The physio came out, and introduced herself to D and shook his hand.      She then address all the conversation to him, only asking for my input when he wasn’t too sure about dates.        I was not surprised when she didn’t  have the full picture of what was happening with D, and only had details of his sore heel, and no idea about his previous leg problems.      When I told her about the knee pins, she went off to pull up his records to see what had been done and what his orthopaedic surgeon had to say about it.      While she did that D changed into his shorts – I had forgotten he had been helping his Dad paint the decking and had stain splatter up the back of his leg!

She returned happy that his op had done what it was intended to do.          She had D walk backwards and forwards, then running, before laying him on the bed to have a feel of his movements.

She said she believed his heel pain was nothing more than growing pains – he has grown over an inch since July, and the muscles were still trying to catch up with his bones, meaning they were over stretched most of the time – she explained this to D in words and by drawing a diagram of what was going on inside his leg.   She did however say she was a little concerned by his movement – I thought, here we go, another lecture about his size.       She asked if we had noticed the angle of his feet when walking, an I said they were what my Dad would have called “ten to two feet” – they are turning out and if they were on a clock face that is the time they would show.        She said she believed that the reason for this was probably because after his op, all the work was done to strengthen the muscles where they had been messed about with on the inside of his knees, and the outside had been somewhat ignored which has led to weaker muscles not just at the knees, but hips and ankles.      His hypermobility wasn’t helping his movements either.     She then upset him by saying that while it was good that he loved to play football with his mates, and trampoline, he really needed to move better before he did too much more of either activity.

She then went through some exercises with him to help start to strengthen his legs.      The hardest part of getting them done correctly was making sure he had his feet facing forward – it must feel quite alien to him when he has been so used to turning them outwards.       By this time he was loosing concentration and becoming more interested in the equipment around him than what was being said.         I told him he needed to listen carefully as what he was being told was very important.   She said he was doing really well, and understood his Asperger’s as her nephew lives with it too.      She also said he was better behaved than some of the adult patients who really don’t try to grasp how to do the exercises they are given!      It was good to have someone who made an effort to accept D was just behaving the way he needed to, to allow him to cope in the strange environment rather than someone seeing him as being naughty for not sitting still and quietly.

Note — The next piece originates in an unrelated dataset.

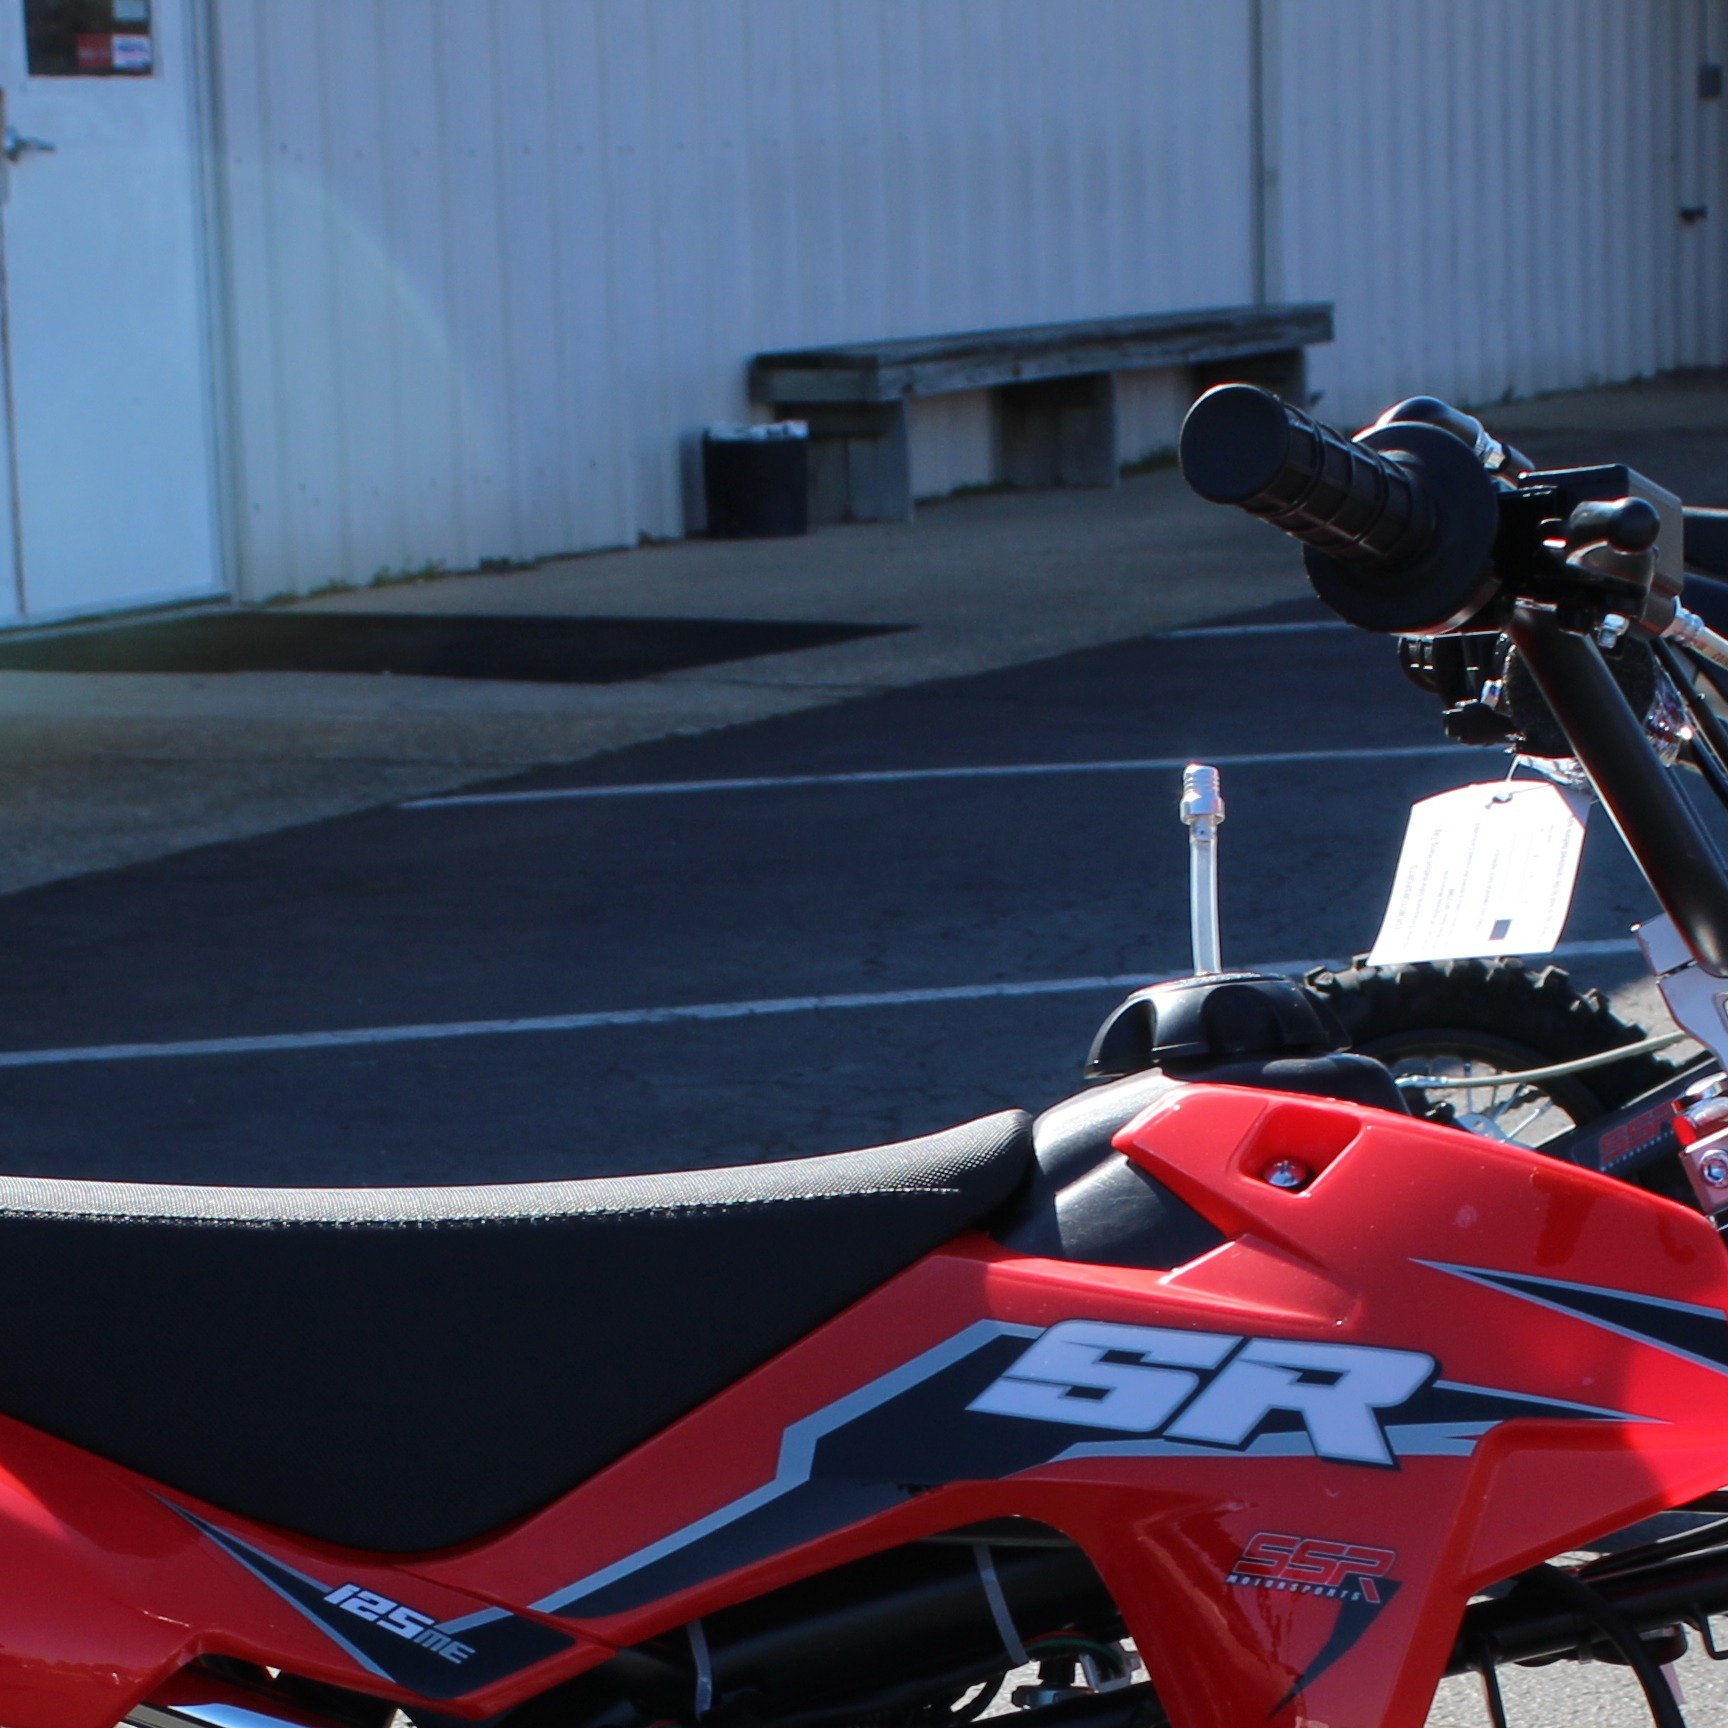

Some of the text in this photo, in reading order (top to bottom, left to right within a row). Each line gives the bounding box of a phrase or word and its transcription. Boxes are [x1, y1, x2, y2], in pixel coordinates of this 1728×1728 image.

[965, 1319, 1438, 1466] SR
[1226, 1575, 1362, 1601] MOTORSPORTS
[1233, 1532, 1397, 1603] SSR

She went to print off the exercises he has to do, while he got changed out of his shorts.       When heading to her little cubby, D saw the most amazing exercise bike, which he wanted to have a go on.      She said she was due another patient, but he could use it at their next appointment, and even shook on it.    Not surprisingly, D was happy to make his next appointment, and I am sure he will be reminding her about the promise she has made to him!

It was midday by the time we left the clinic, so D had a home lunch as it was his school break time anyway.

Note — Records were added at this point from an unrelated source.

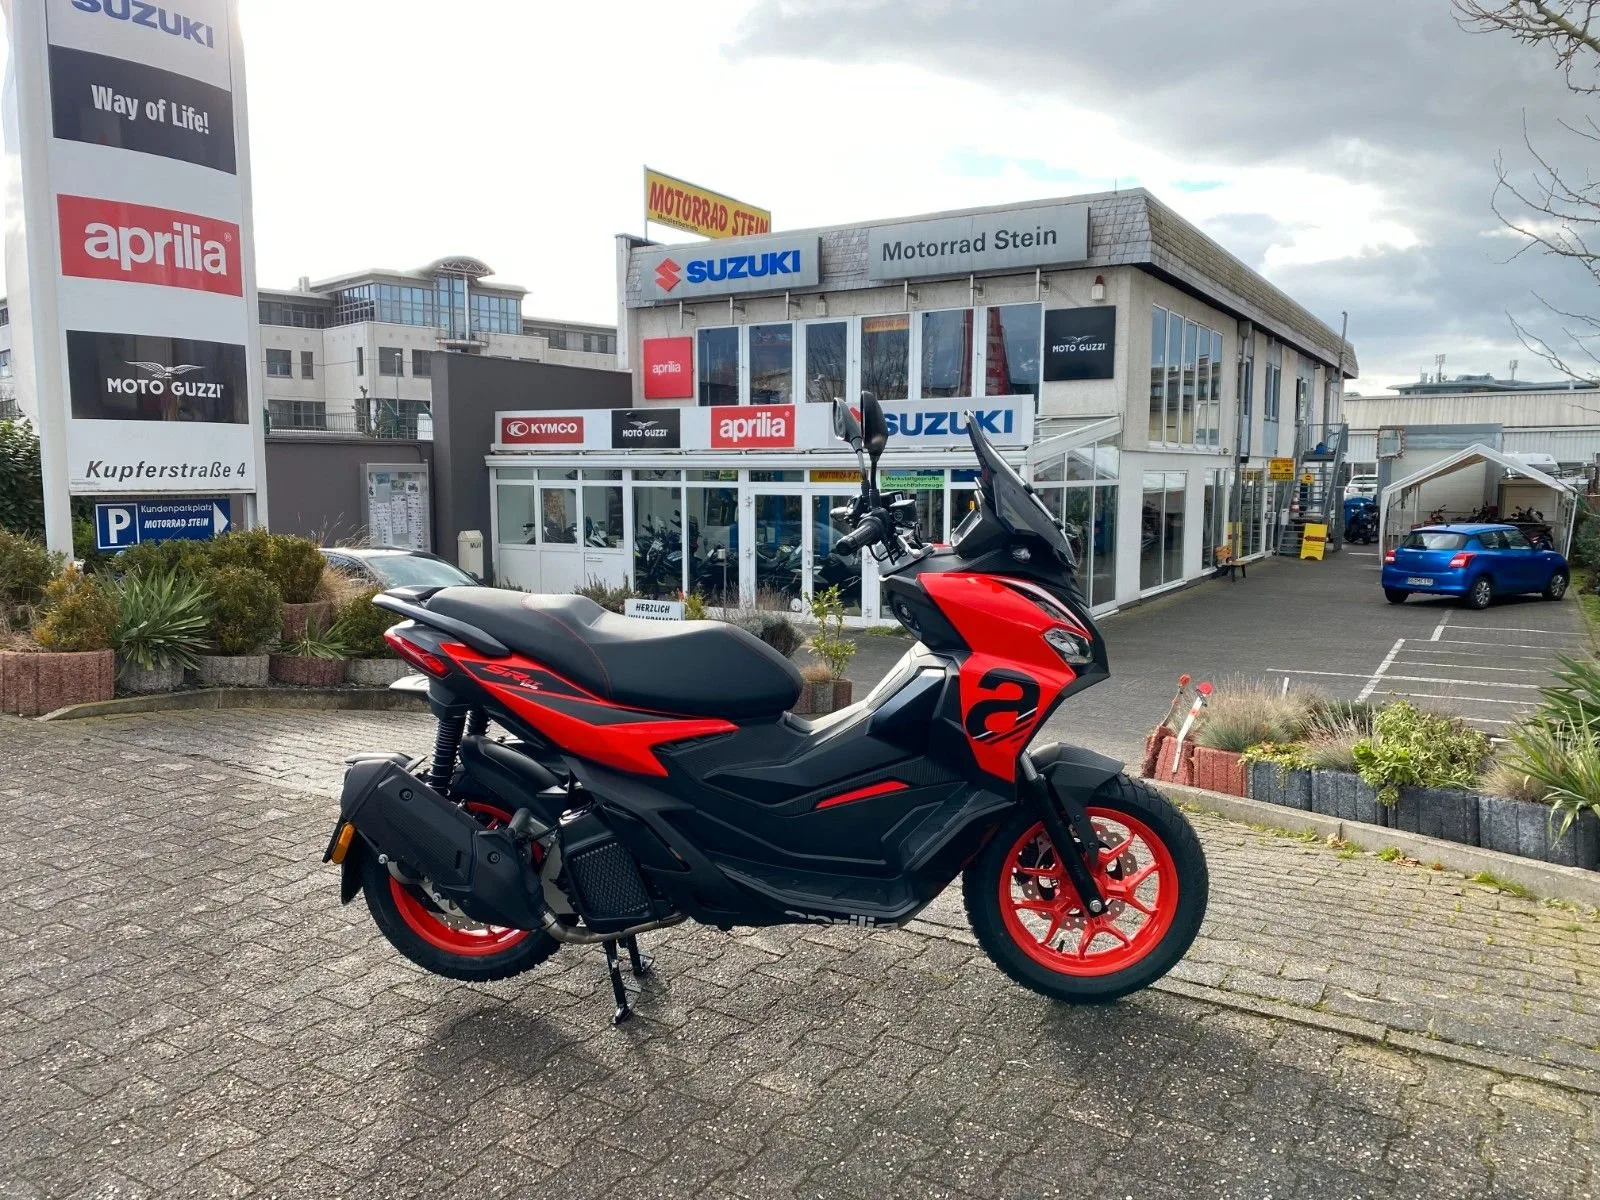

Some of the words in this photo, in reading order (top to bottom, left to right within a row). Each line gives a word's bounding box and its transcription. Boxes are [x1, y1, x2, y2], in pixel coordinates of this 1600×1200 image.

[91, 84, 139, 121] Way
[145, 98, 166, 123] of
[171, 102, 210, 134] Life!
[648, 181, 729, 232] MOTORRAD
[731, 210, 769, 236] STEIN
[84, 221, 227, 276] aprilia
[882, 231, 987, 262] Motorrad
[994, 226, 1057, 250] Stein
[686, 249, 801, 284] SUZUKI
[1052, 344, 1077, 353] MOTO
[1078, 342, 1106, 352] GUZZI
[652, 360, 682, 375] aprilia
[106, 377, 164, 395] MOTO
[171, 380, 222, 398] GUZZI
[530, 422, 578, 434] KYMCO
[622, 429, 643, 438] MOTO
[644, 428, 668, 437] GUZZI
[719, 411, 786, 442] aprilia
[882, 409, 1014, 437] SUZUKI
[85, 460, 232, 482] Kupferstraße
[236, 462, 246, 478] 4
[140, 504, 213, 514] Kundenparkplatz
[107, 508, 131, 544] P
[144, 518, 187, 529] MOTORRAD
[187, 517, 209, 527] STEIN
[635, 602, 671, 614] HERZLICH
[965, 667, 1041, 742] a

It has been hard work getting D to do his exercises, but he has done them.    He gets angry with himself that his feet haven’t yet learned that they need a new standard position, but that is just D all over, he expects perfection immediately and doesn’t comprehend that it will take time to reprogramme his muscles.

I hope doing this work with him, will give him the physical strength that will allow him to feel confident when he is playing with his friends or doing sports at school.